Project Summary/Abstract The ultimate goal of this mPI proposal is to address a fundamental gap in knowledge on the role of acetyl-CoA metabolic reprogramming in regulating cyclin E-high ovarian cancer DNA damage response, transformation, and response to therapy. The results from these studies could have a significant impact on the treatment of the ~20%

of high grade serous ovarian cancer (HGSOC) patients with high cyclin E expression, which are resistant to emerging PARP inhibitor therapies due to proficiency in homologous recombination (HR)-mediated DNA repair. This research plan focuses on assessing the experimentally and mechanistically determining the spaciotemporal

metabolic reprogramming of acetyl-CoA on histone hyperacetylation and enhancement of HR-mediated DNA repair and whether this pathway can be targeted in cyclin E-high HGSOC patients in combination with emerging PARP inhibitor therapies to obtain a synthetic lethality and sustained therapeutic response. The proposed studies

are based on our preliminary findings that glucose-derived acetyl-CoA is upregulated in cyclin E-high cells, acetyl-CoA is spatially regulated in the cytoplasm and nucleus, and cyclin E-high cells display hyperacetylation of histones known to be involved in HR repair.

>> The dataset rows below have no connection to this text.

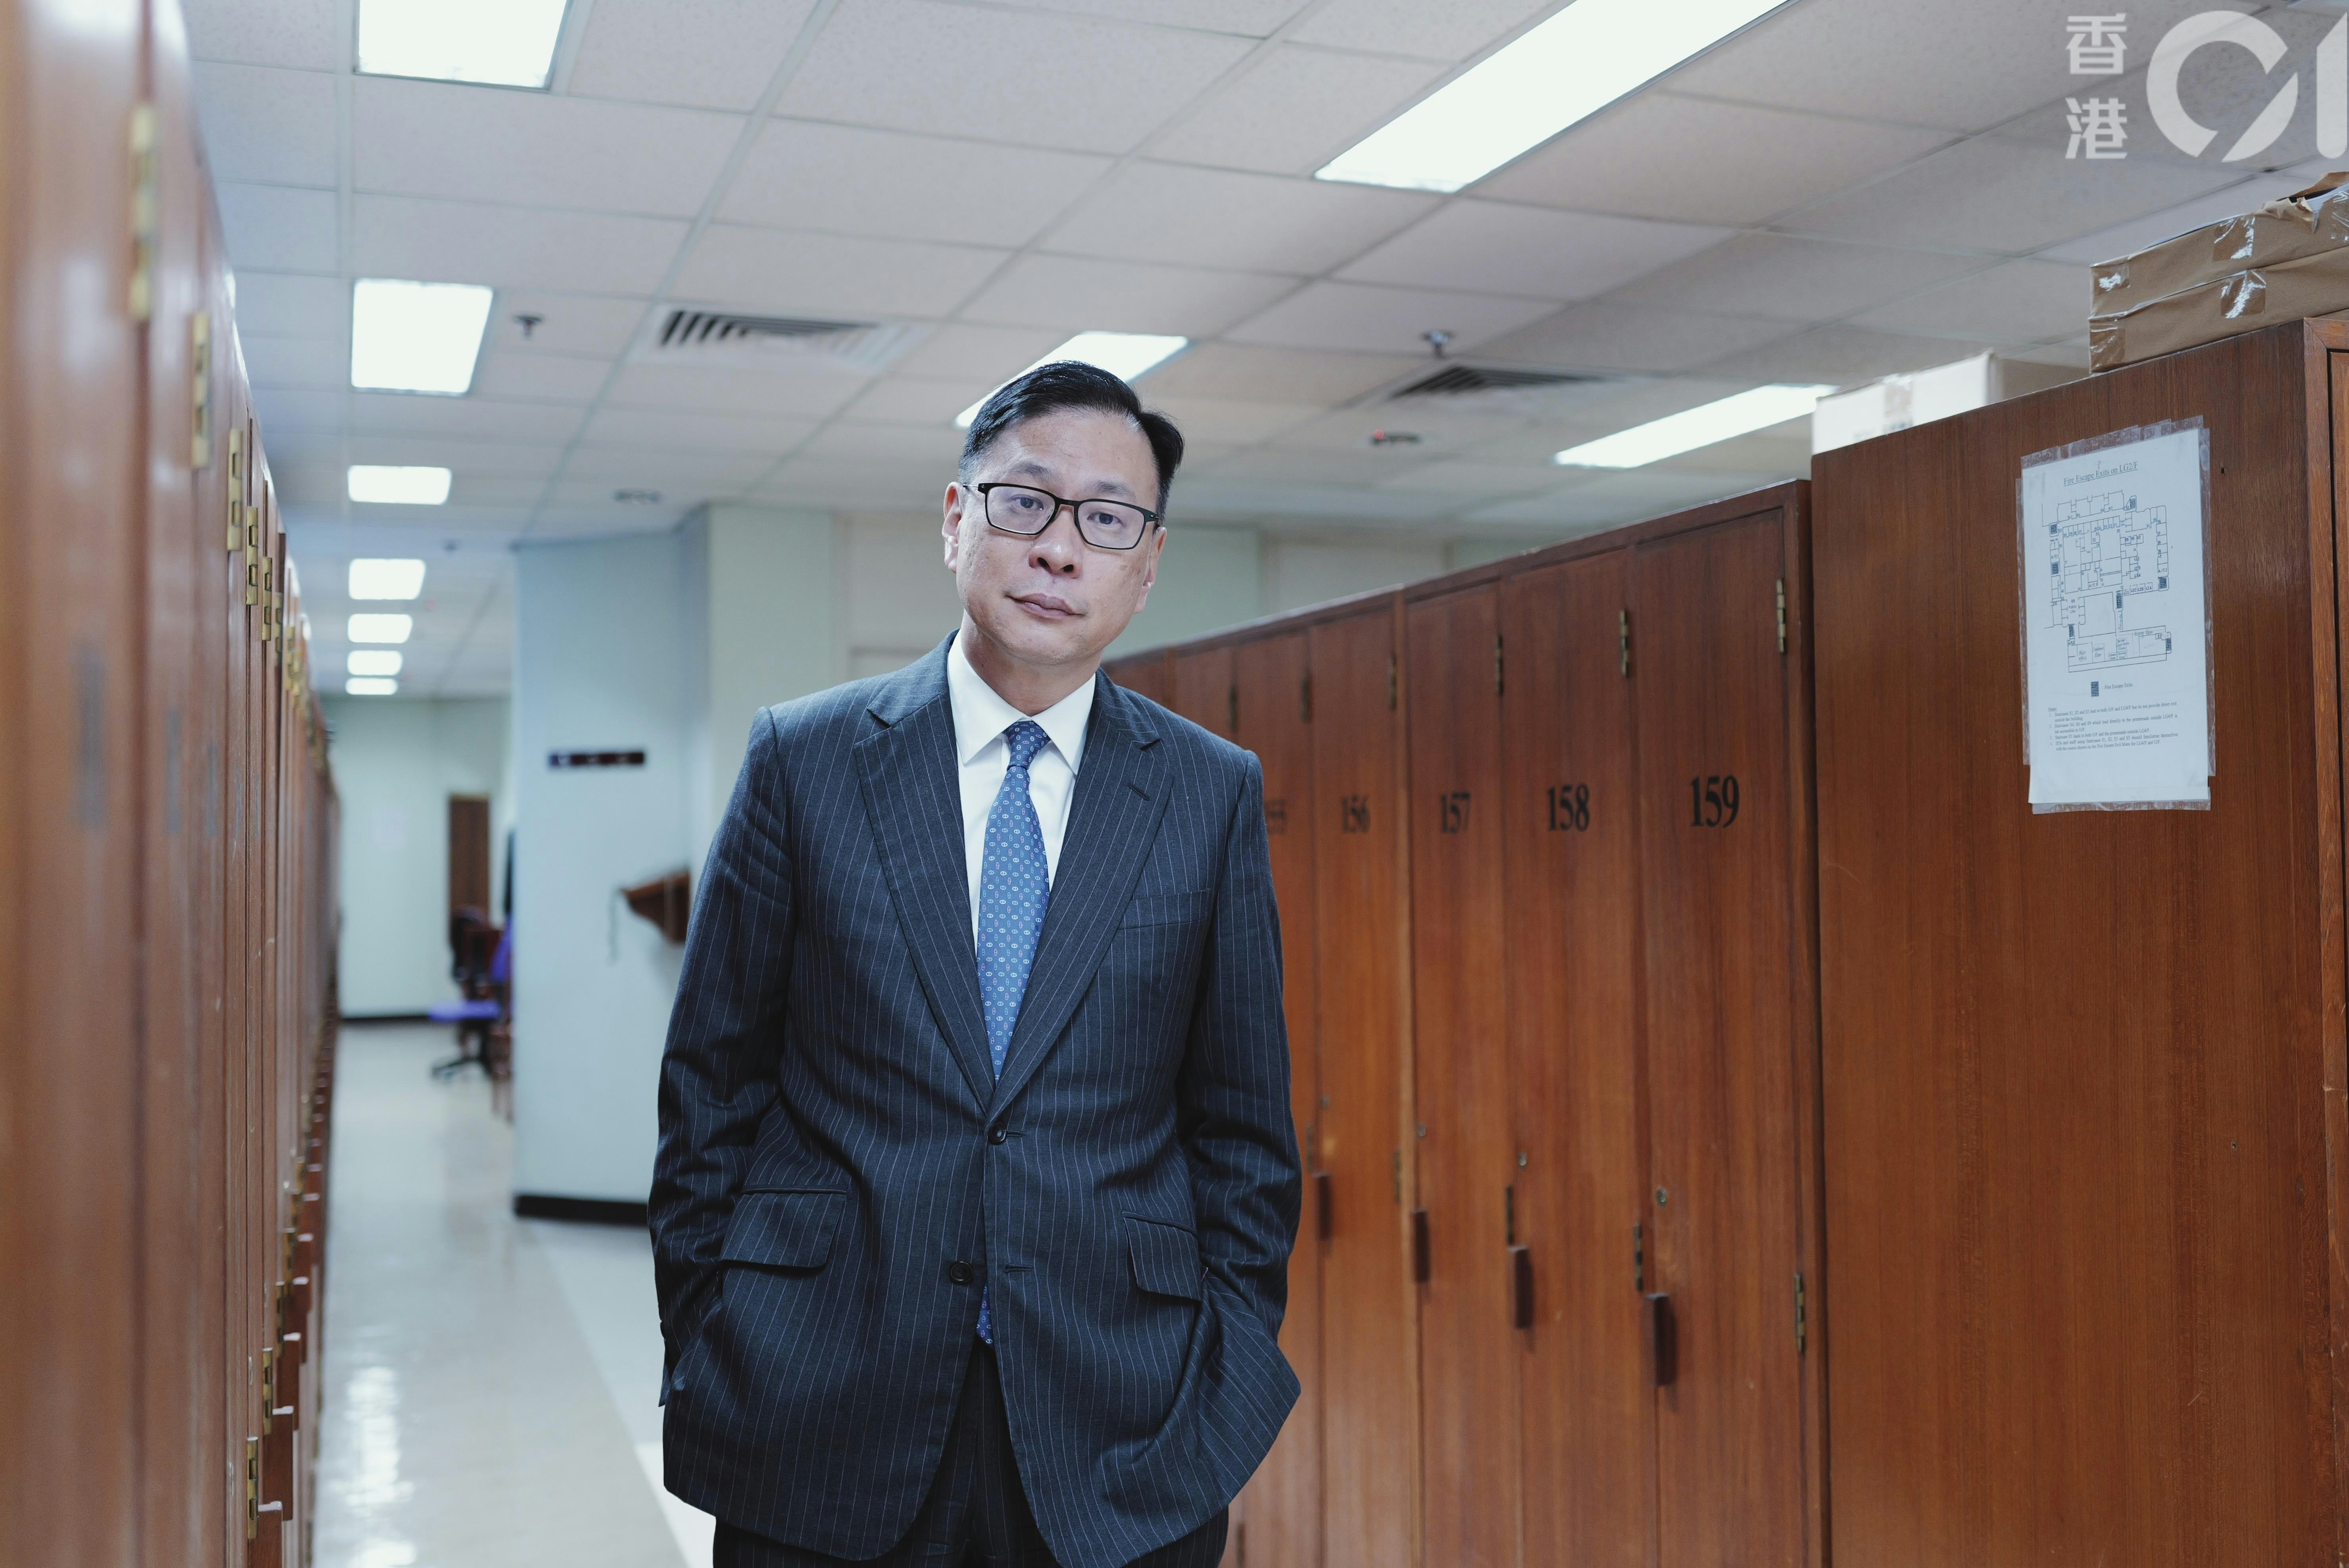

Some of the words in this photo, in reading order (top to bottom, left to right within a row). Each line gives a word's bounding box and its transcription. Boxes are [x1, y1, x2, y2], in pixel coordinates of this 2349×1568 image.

[2095, 469, 2109, 478] Exits
[2119, 461, 2138, 472] LG2/F
[1340, 794, 1370, 833] 156
[1440, 792, 1471, 834] 157
[1547, 783, 1590, 832] 158
[1690, 775, 1740, 828] 159
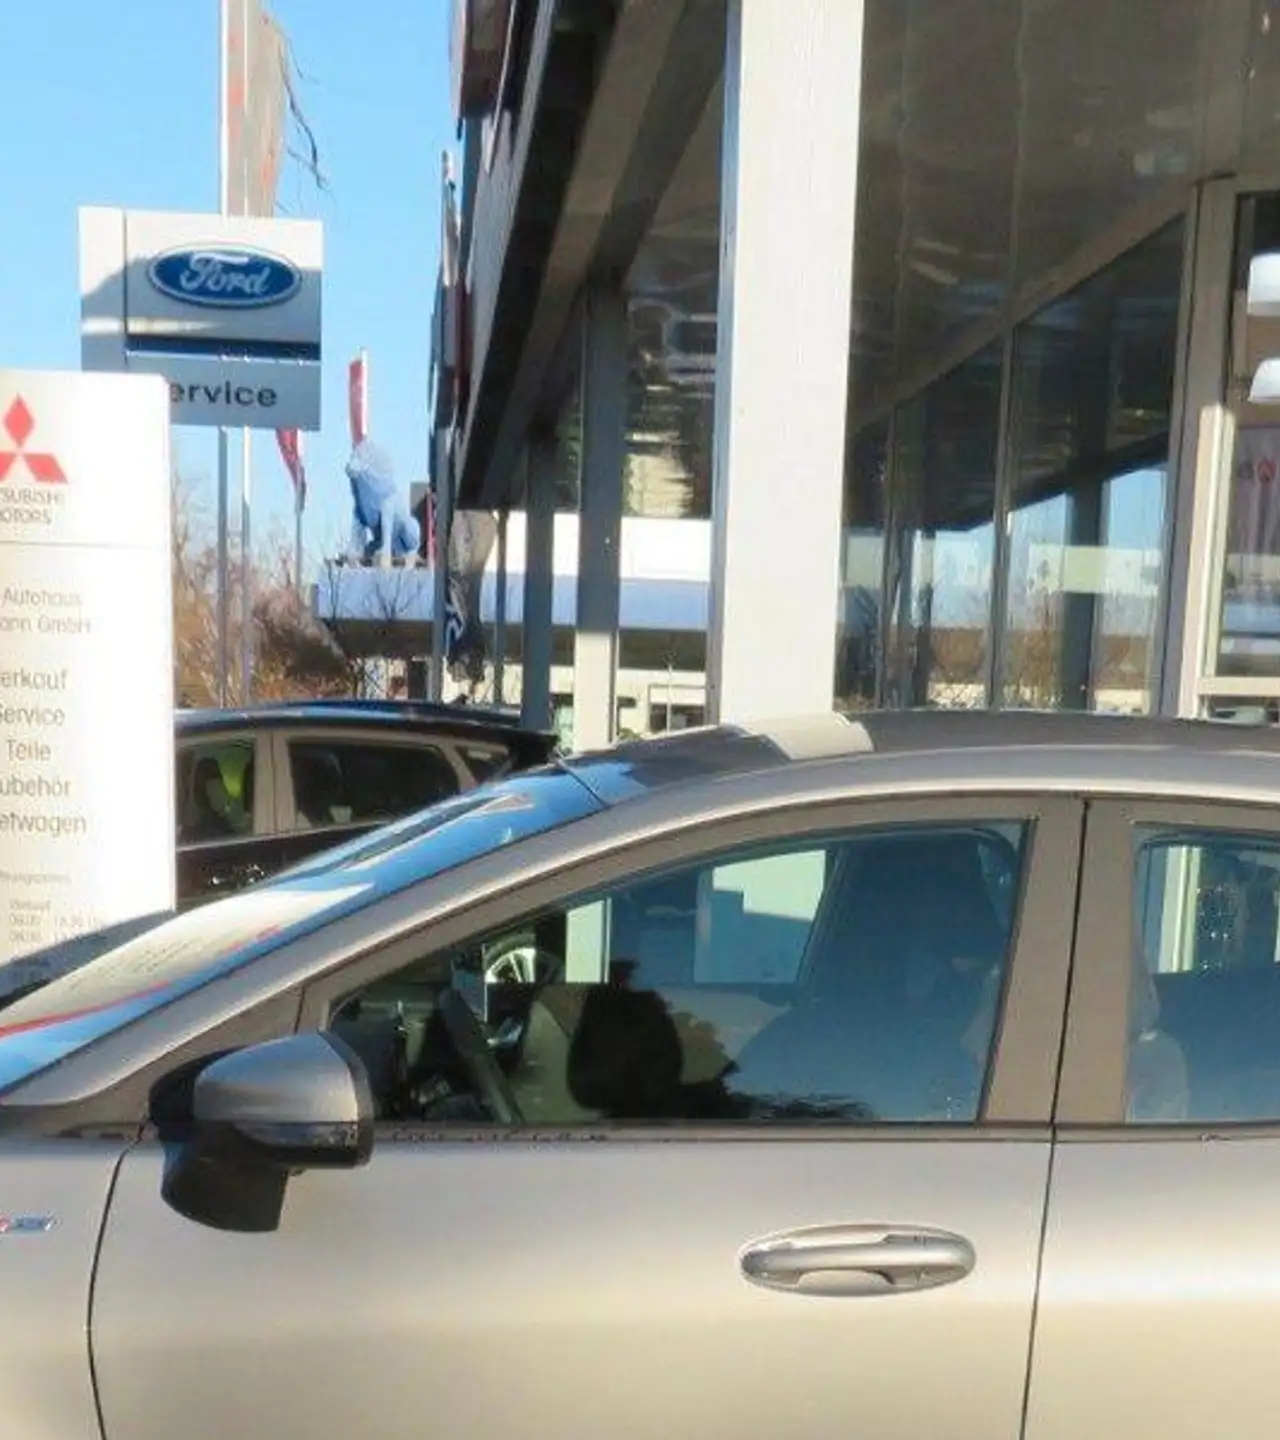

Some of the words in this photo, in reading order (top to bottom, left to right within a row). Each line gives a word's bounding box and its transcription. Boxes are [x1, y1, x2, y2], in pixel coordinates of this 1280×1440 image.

In line with these data, we will explore two overarching scientific

aims: 1) quantitatively dissect acetyl-CoA metabolic reprogramming in cyclin E-high HGSOC and its contribution to HR-mediated DNA repair; and 2) to determine whether acetyl-CoA mediated epigenetic changes contributes to ovarian tumorigenesis and therapeutic response. The completion of the scientific aims of this proposal will not

only provide new mechanistic insights into the interplay between the acetyl-CoA-mediated metabolic-epigenetic axis during ovarian tumorigenesis, but will also establish targeting this axis as a strategy to improve therapeutic outcome for HGSOC patients with high cyclin E. The proposed research is of high impact because the

mechanistic underpinning of these pathways has the potential to transform the management of HGSOC patients with high cyclin E. As PARP inhibitors are being developed for many cancer types, studies will have far-reaching implications for identifying novel strategies to inhibit HR-mediated DNA repair and develop future cancer

therapeutics strategies for a wide range of patients.